=== Task directions ===
Could you print all the entries below exactly as they appear, omitting the pictures?
━━━ Excerpted data
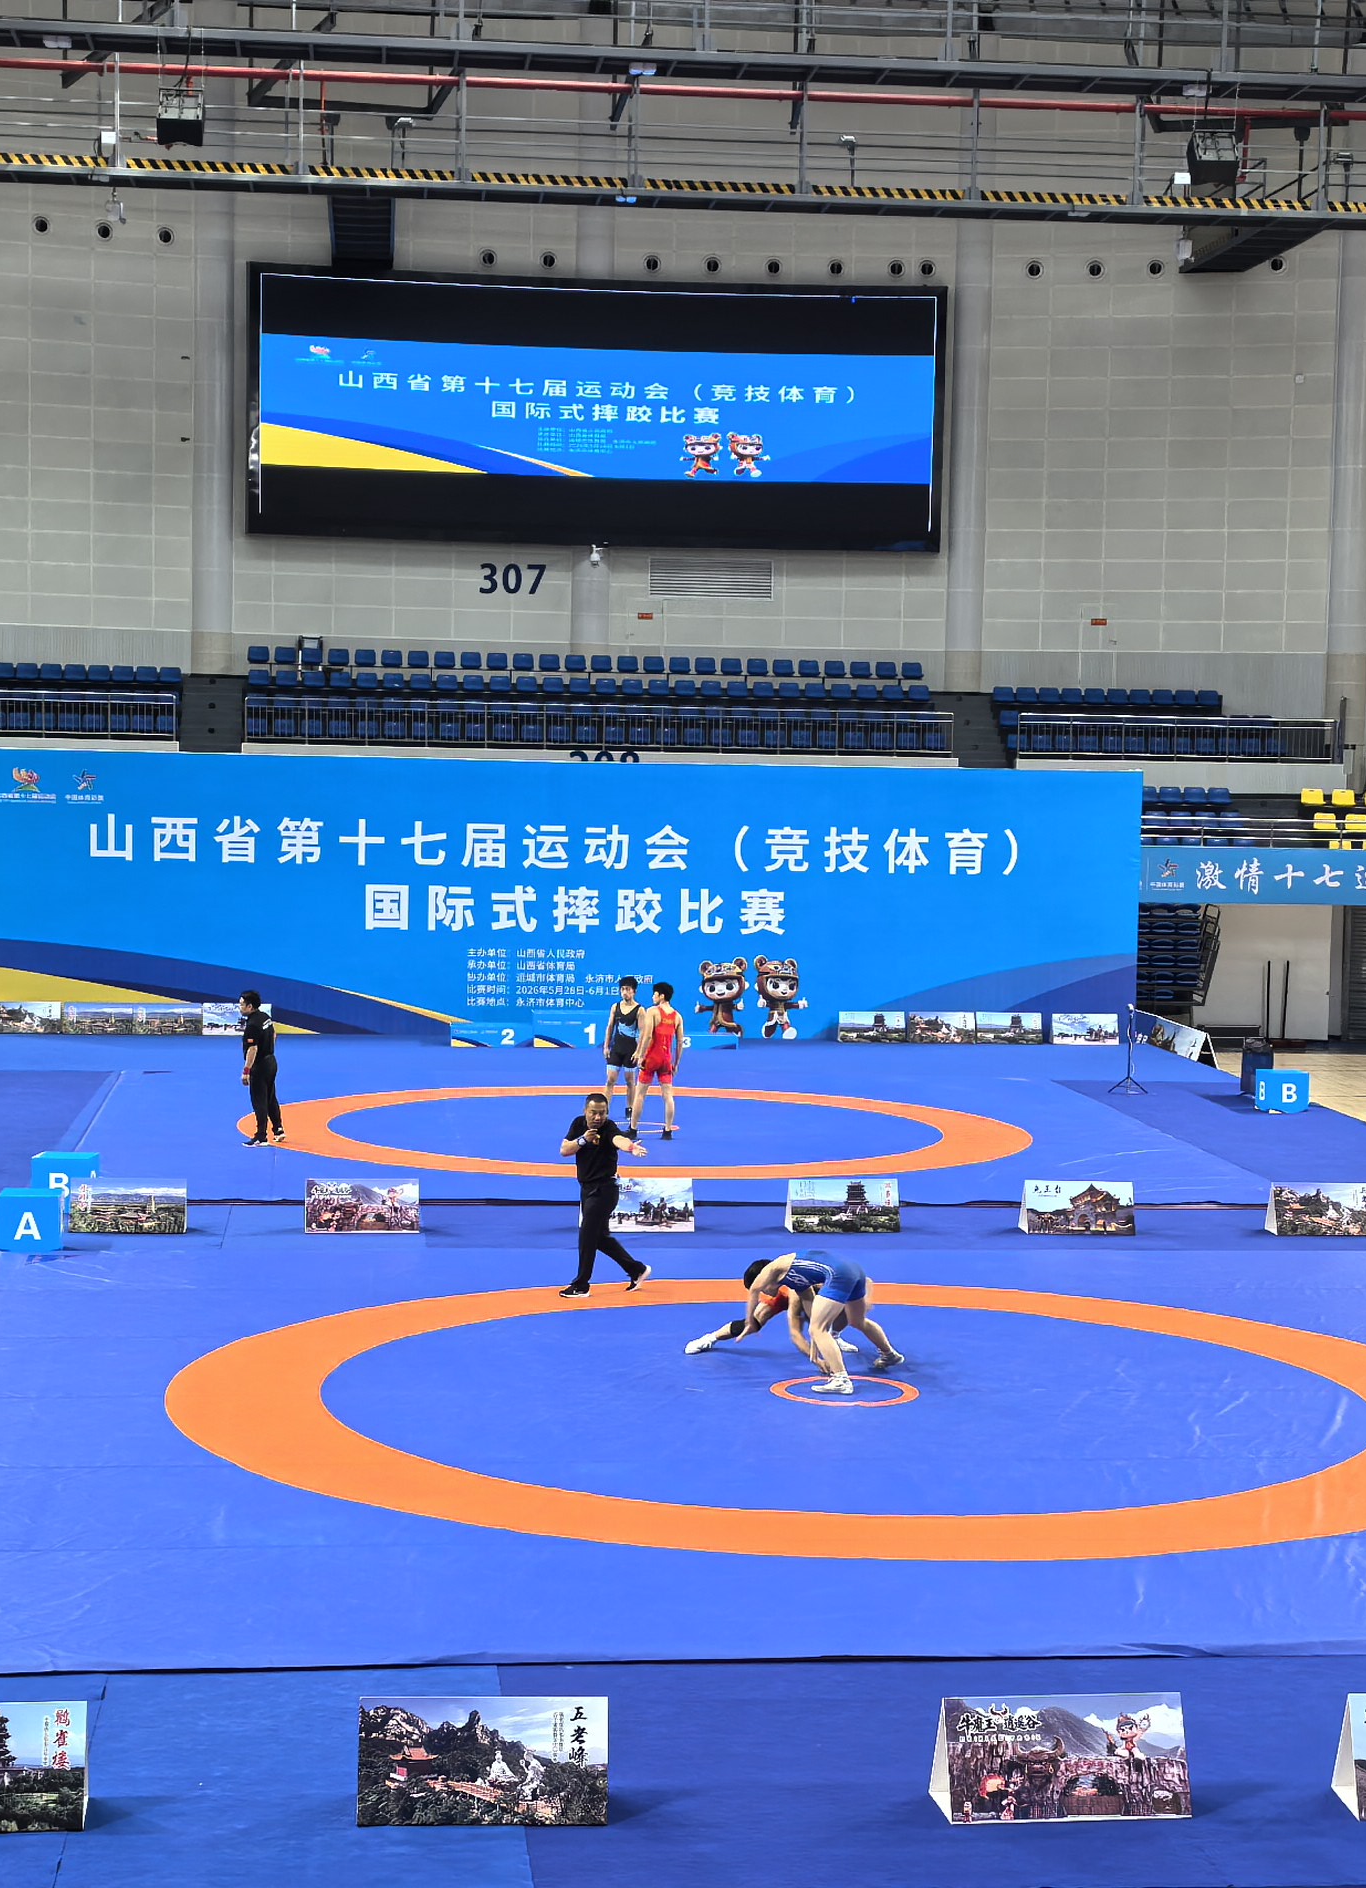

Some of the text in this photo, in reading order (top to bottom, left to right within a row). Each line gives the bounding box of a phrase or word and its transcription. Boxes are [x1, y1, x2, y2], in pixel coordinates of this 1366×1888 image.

[338, 369, 858, 406] 山西省第十七届运动会（竞技体育）
[490, 400, 721, 426] 国际式摔跤比赛
[478, 562, 547, 596] 307
[88, 812, 1021, 877] 山西省第十七届运动会（竞技体育）
[364, 883, 787, 937] 国际式摔跤比赛
[585, 973, 654, 985] 永济市人政府
[500, 1028, 516, 1046] 2
[583, 1022, 598, 1045] 1
[1258, 1080, 1267, 1101] B
[1281, 1082, 1298, 1104] B
[12, 1210, 43, 1241] A
[956, 1712, 997, 1735] 牛魔王
[568, 1705, 589, 1769] 五老峰
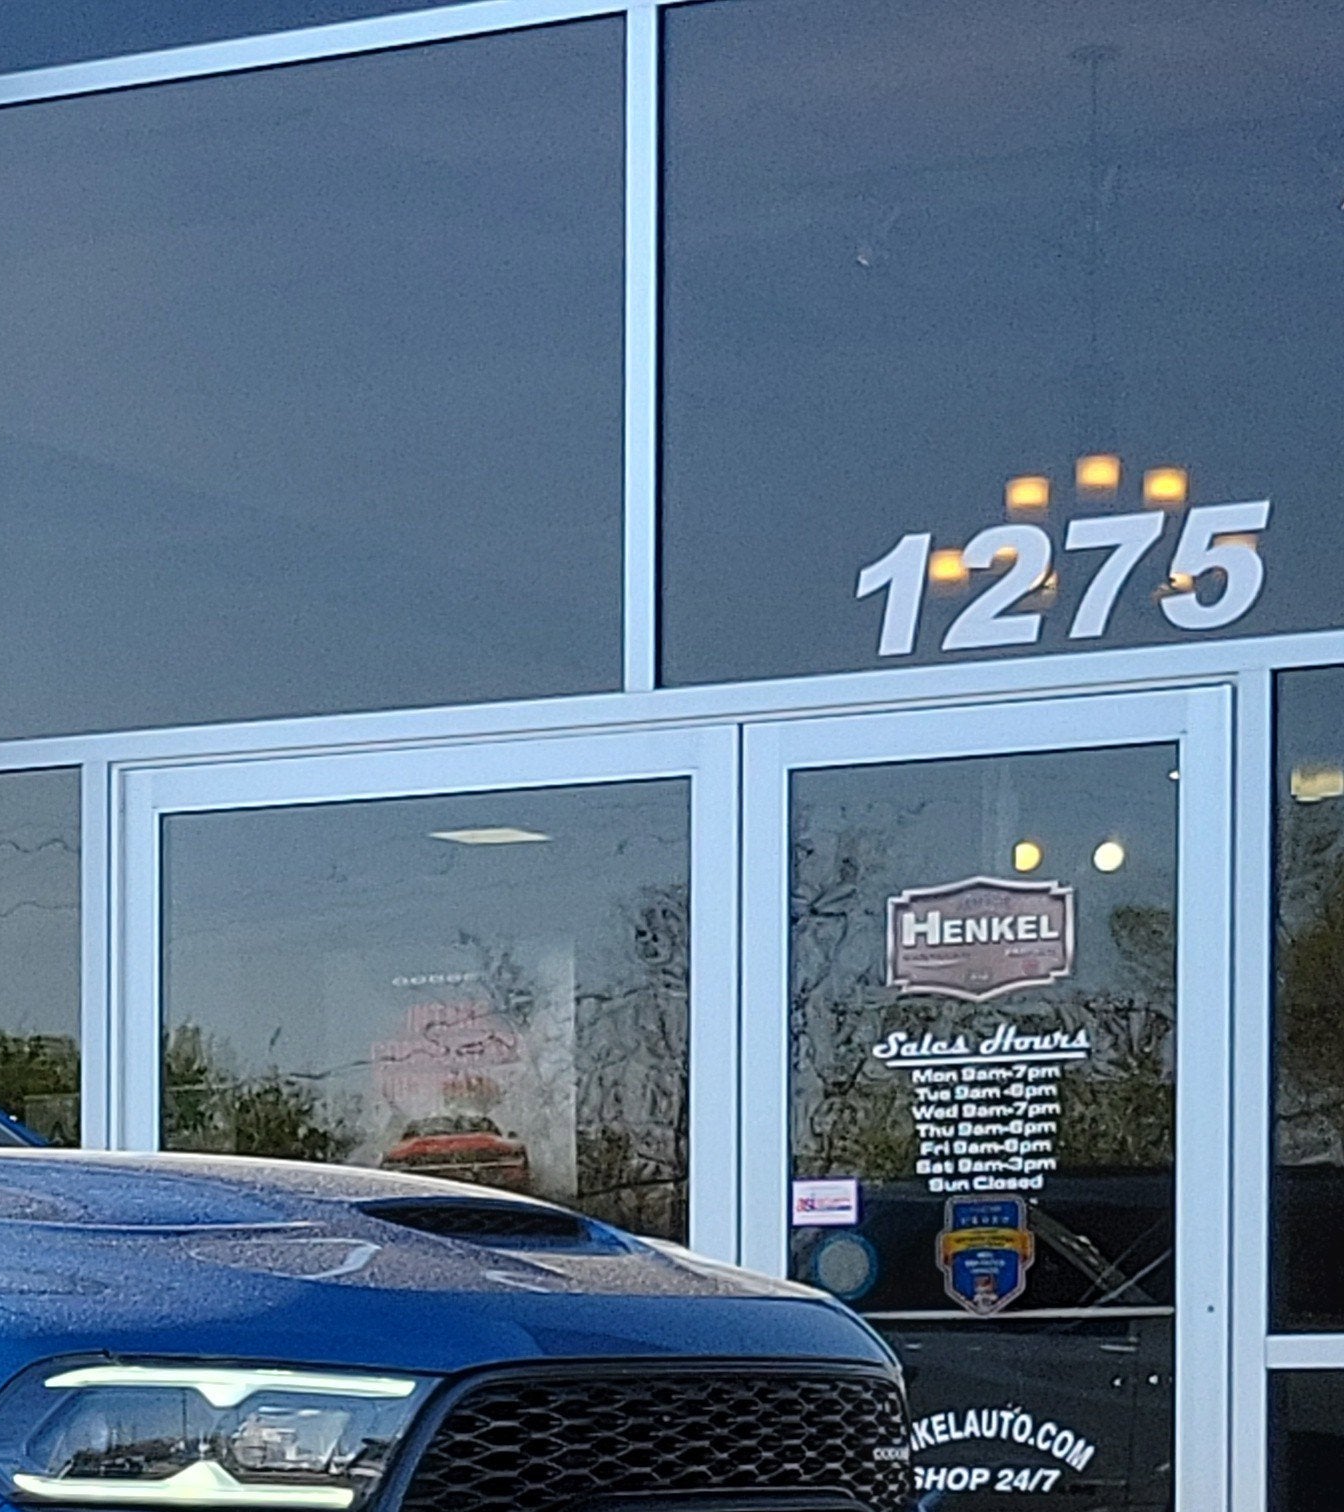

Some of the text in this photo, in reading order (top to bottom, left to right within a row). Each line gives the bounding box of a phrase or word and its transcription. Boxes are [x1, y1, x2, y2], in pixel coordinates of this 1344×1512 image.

[855, 500, 1271, 657] 1275
[901, 910, 1060, 947] HENKEL
[872, 1023, 1091, 1058] Sales Hours
[912, 1069, 958, 1084] Mon
[914, 1086, 952, 1102] Tue
[912, 1103, 959, 1121] Wed
[914, 1122, 955, 1139] Thu
[920, 1140, 950, 1156] Fri
[915, 1158, 955, 1175] Sat
[927, 1173, 1044, 1193] Sun Closed
[913, 1466, 1062, 1492] SHOP 24/7
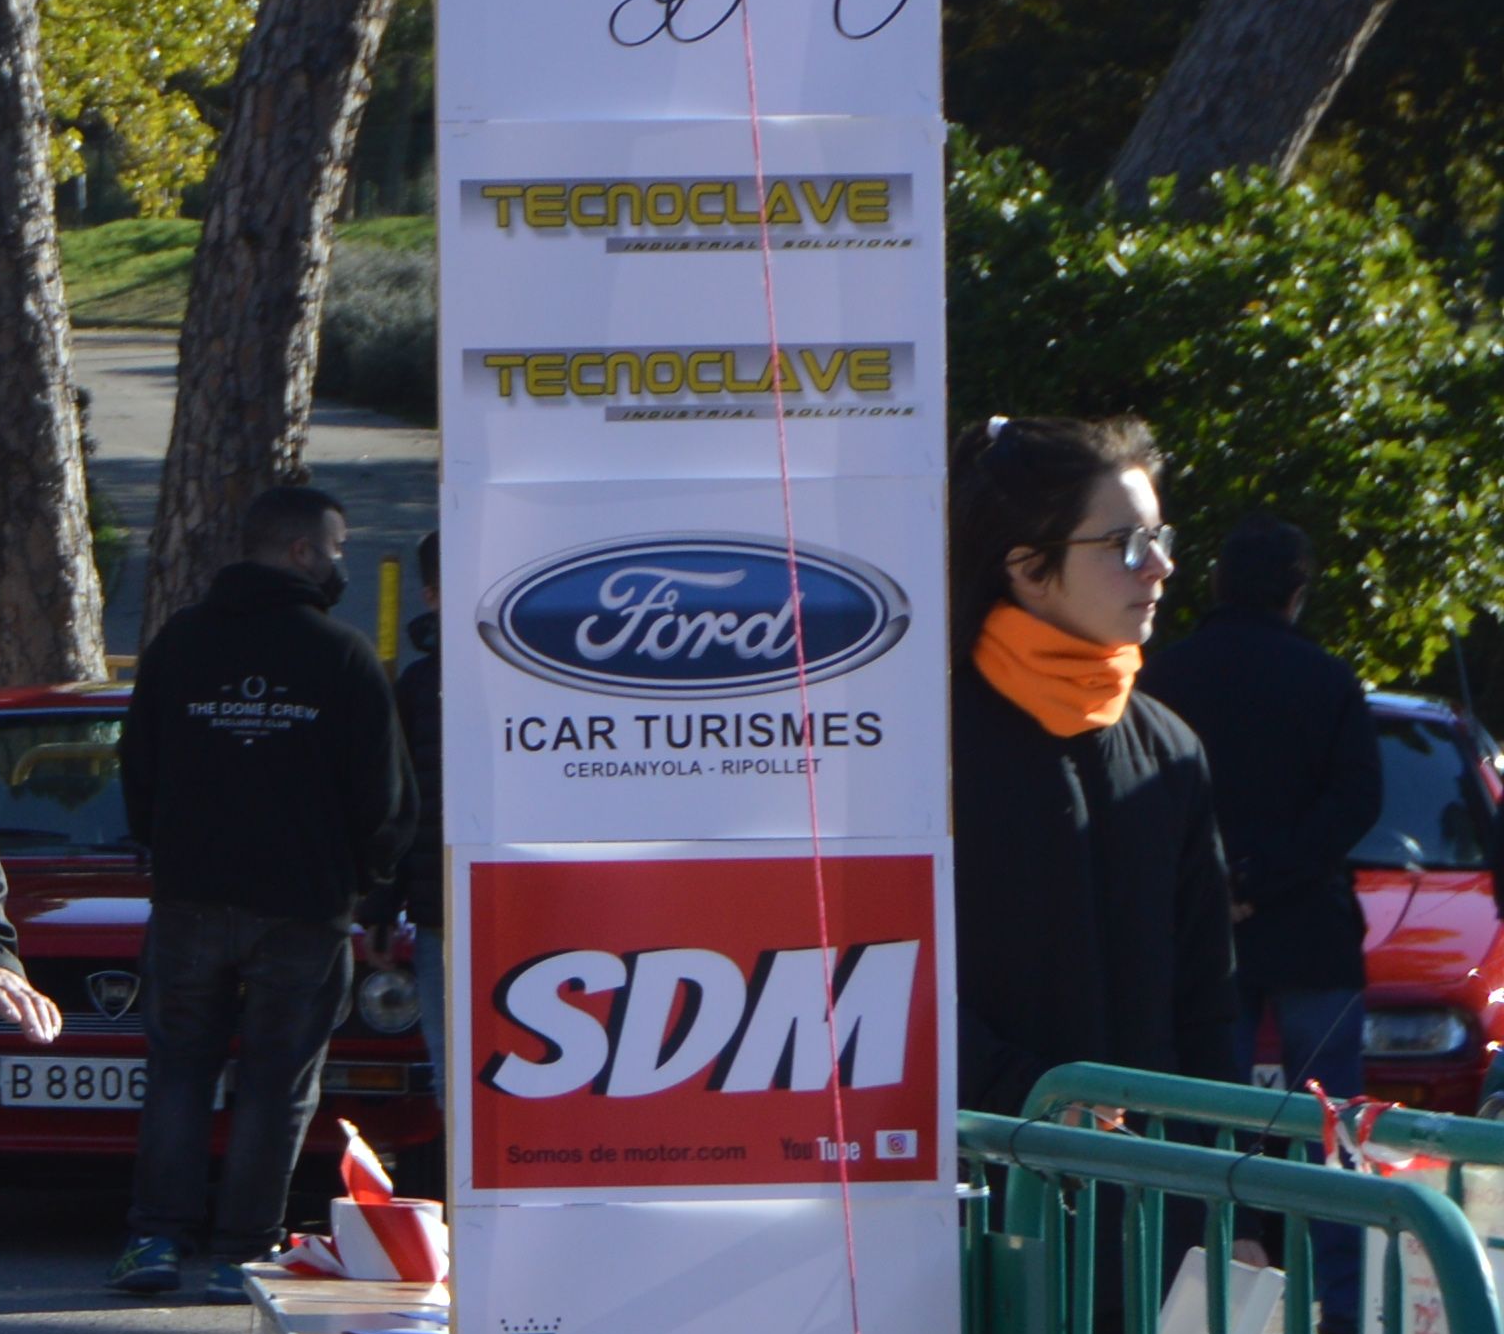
━━━━━━
=== Answer box ===
Some of the text in this photo, in reading order (top to bottom, left to right within a row). Each line gives the bounding box of a phrase or word and its transcription. Boxes are [x1, y1, x2, y2], in pixel coordinates of this 1366×1888 image.

[338, 369, 858, 406] 山西省第十七届运动会（竞技体育）
[490, 400, 721, 426] 国际式摔跤比赛
[478, 562, 547, 596] 307
[88, 812, 1021, 877] 山西省第十七届运动会（竞技体育）
[364, 883, 787, 937] 国际式摔跤比赛
[585, 973, 654, 985] 永济市人政府
[500, 1028, 516, 1046] 2
[583, 1022, 598, 1045] 1
[1258, 1080, 1267, 1101] B
[1281, 1082, 1298, 1104] B
[12, 1210, 43, 1241] A
[956, 1712, 997, 1735] 牛魔王
[568, 1705, 589, 1769] 五老峰

Some of the text in this photo, in reading order (top to bottom, left to right within a row). Each line gives the bounding box of a phrase or word and its transcription. Boxes are [x1, y1, x2, y2], in pixel coordinates of this 1344×1512 image.

[855, 500, 1271, 657] 1275
[901, 910, 1060, 947] HENKEL
[872, 1023, 1091, 1058] Sales Hours
[912, 1069, 958, 1084] Mon
[914, 1086, 952, 1102] Tue
[912, 1103, 959, 1121] Wed
[914, 1122, 955, 1139] Thu
[920, 1140, 950, 1156] Fri
[915, 1158, 955, 1175] Sat
[927, 1173, 1044, 1193] Sun Closed
[913, 1466, 1062, 1492] SHOP 24/7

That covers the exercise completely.